Anne suppressed anger at this description of her younger sister. Terry had never been accused of either tact or humility, any more than Theo had.
"I can think of other people to apply that description to," she murmured, hitching herself up onto the table.
Theo's mouth snapped shut and he turned to glare balefully at her. "That is not the point."
"How much time have you spent around kids younger than you? Really?" Anne asked.
Theo shrugged. "I was her age once and I'm sure I possessed a semblance of tact."

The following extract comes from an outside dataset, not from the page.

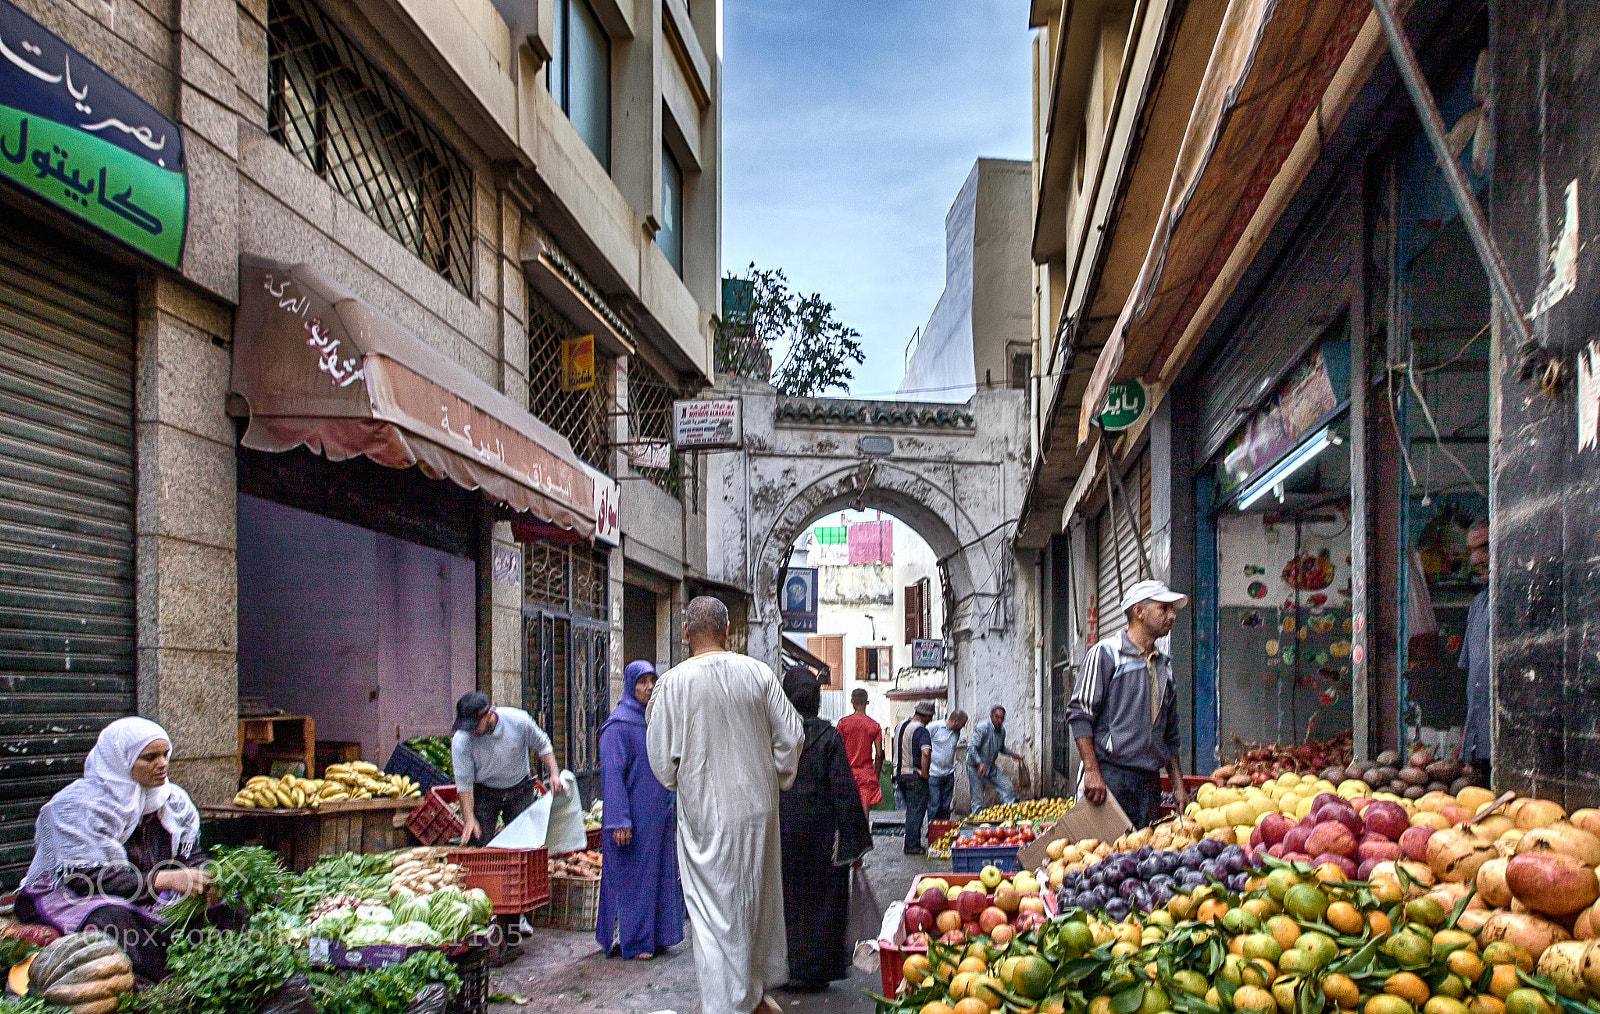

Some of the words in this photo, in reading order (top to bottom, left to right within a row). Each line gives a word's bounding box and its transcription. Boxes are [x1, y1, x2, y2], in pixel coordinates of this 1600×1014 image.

[1, 118, 163, 236] كابيتول
[264, 273, 311, 318] البركة
[441, 404, 505, 463] البركة

Anne rolled her eyes. "Yeah, so was Professor Snape. Once. And speaking truthfully you're as tactful as I am noisy." Theo gave her another glare, but it was far more muted. "Eleven-year-olds are like that. Believe me, Terry doesn't single you out for special treatment."
"That I can believe." He leant back against the wall, apparently more relaxed. "I was passing the Potions classroom the other day -- her lesson must've just finished -- and I heard Snape reading her the riot act about "letting her meagre talent go to her head." He compared her rather unfavourably to Hermione Granger."
"Now that will get to her head." That earned Anne a smile. "Terry told me about that. She was embarrassed, too -- she knows she has to mind her Ps and Qs in Potions, and she let her tongue run away with her."
"The thing is," Theo responded wryly "there was a backhanded compliment buried in that dressing-down."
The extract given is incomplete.